Dr. Rolando S. Doria, chair of the RDC-12’s economic development committee, said they passed a resolution creating the Regional Competitiveness Committee (RCC) as part of the council’s special functions.

He said the RCC is mainly tasked to lead the promotion and implementation of competitiveness and productivity programs in the region.

Region 12 covers the provinces of South Cotabato, Sultan Kudarat, Sarangani and  North Cotabato and the cities of General Santos, Koronadal, Kidapawan, Tacurong and Cotabato.

Doria, who works for the mining firm Sagittarius Mines Inc., said the creation of the RCC was an offshoot of the recent visit in the region of business executive Guillermo Luz, the private sector co-chairperson of the National Competitiveness Council (NCC).

The NCC, which was originally named Public-Private Task Force on Philippine Competitiveness (P-PTFPC), was earlier established to set in motion various initiatives that will help improve the country’s global competitiveness.

Trade and Industry Secretary Gregory Domingo and Luz presently act as NCC co-chairpersons for the public and private sectors, respectively.

Through the NCC, which was created by virtue of Executive Orders 571 and 44, Doria said regional committees are being established throughout the country to ensure the wider implementation of competitiveness and productivity initiatives.

“The RCCs are being organized in the regions to plan out how to make the regions more competitive,” he said.

Doria said his committee initially created a technical working group (TWG) to work on the details of the RCC’s operationalization, especially its functions and membership composition.

He said the TWG will also set the RCC’s initial strategies and coordination mechanisms with the NCC, local and national government agencies and concerned sectors.

In a statement, Luz earlier said the NCC has been promoting the regions’ involvement in its initiatives as a strategy in boosting the country’s competitiveness ranking by international organizations, among them the World Economic Forum.

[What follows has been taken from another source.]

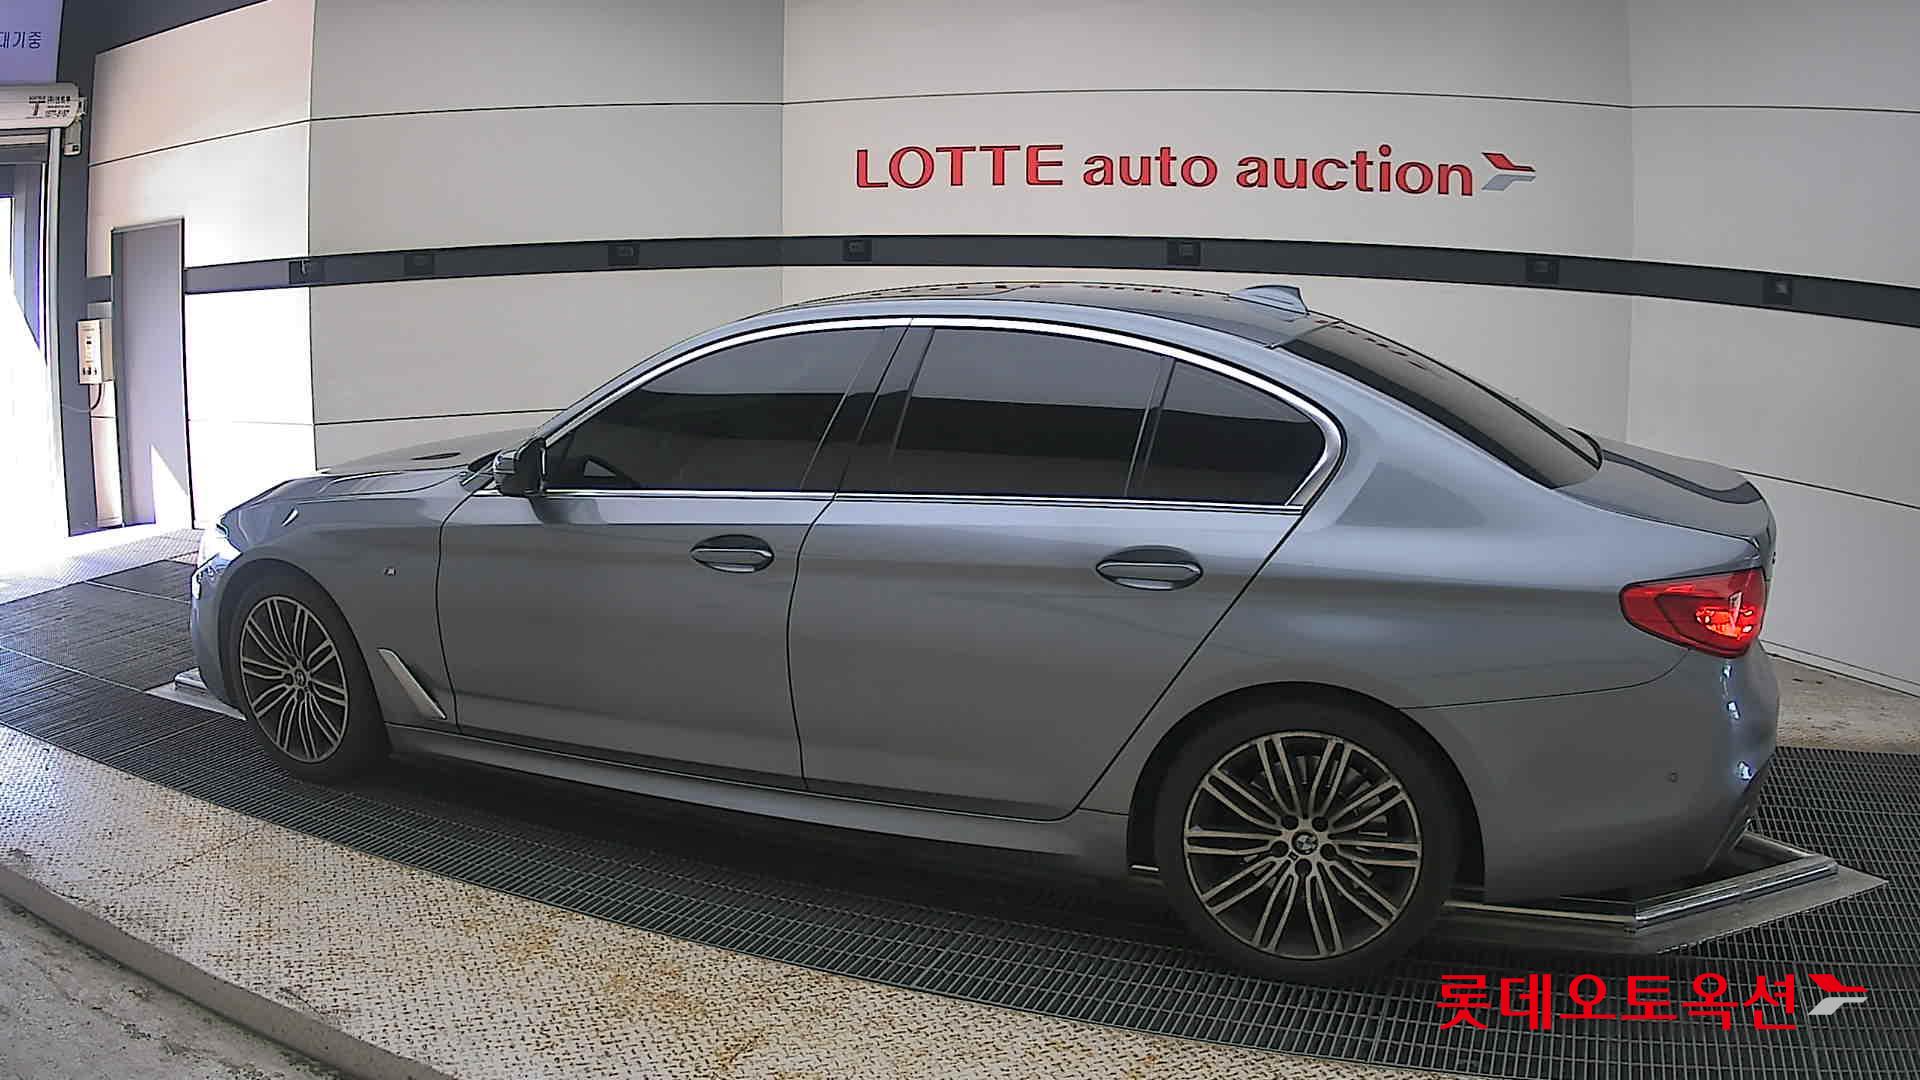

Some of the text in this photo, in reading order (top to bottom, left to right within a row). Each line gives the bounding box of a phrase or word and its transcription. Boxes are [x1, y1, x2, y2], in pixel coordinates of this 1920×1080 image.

[856, 144, 1474, 196] LOTTE auto auction
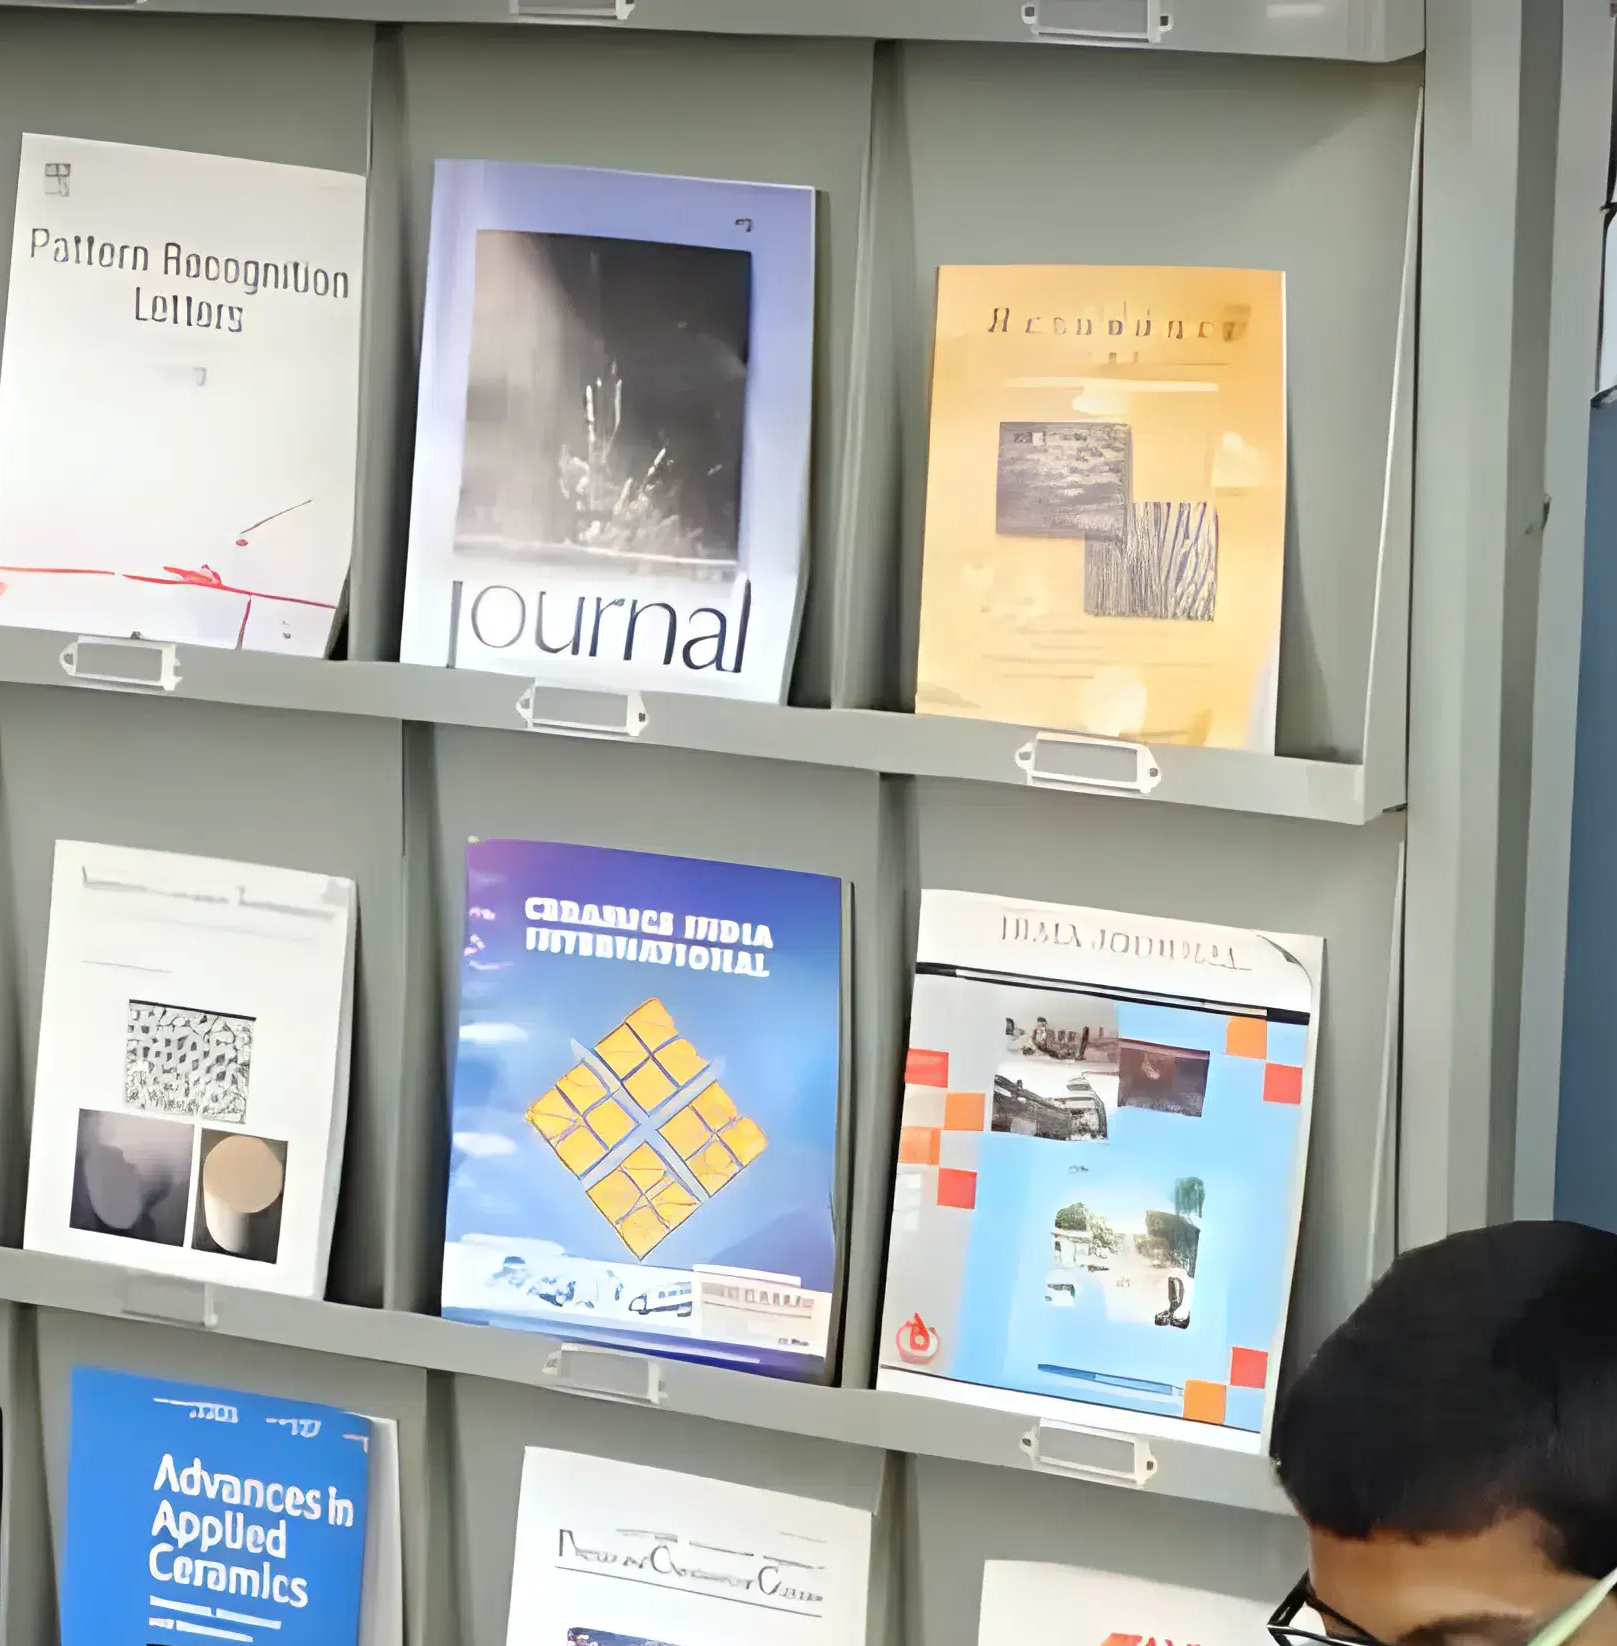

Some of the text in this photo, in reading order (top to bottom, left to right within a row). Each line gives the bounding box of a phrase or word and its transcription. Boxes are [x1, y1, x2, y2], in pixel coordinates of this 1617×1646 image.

“It’s about time economic centers are not concentrated anymore in Metro Manila,” he said.

Aside from implementing competitiveness and productivity programs, the NCC said the regional committees were tasked to track the competency levels of provinces, cities and municipalities; gather/update data on competitiveness, studies, reports and business risk assessment; conduct capability-building and training programs; establish networks and linkages with various development partners on areas such as customer service streamlining and service excellence – attitude and behavior of frontliners.

The NCC’s programs are focused on 11 areas that were expected to improve the country’s competitiveness.

These are on education and human resources development; performance governance system; streamlined business permits and licensing system; Philippine Business Registry system; customs/national single window; infrastructure; power and energy; transparency in budget delivery; anti-corruption; information and communication technology governance framework; and, judicial reform.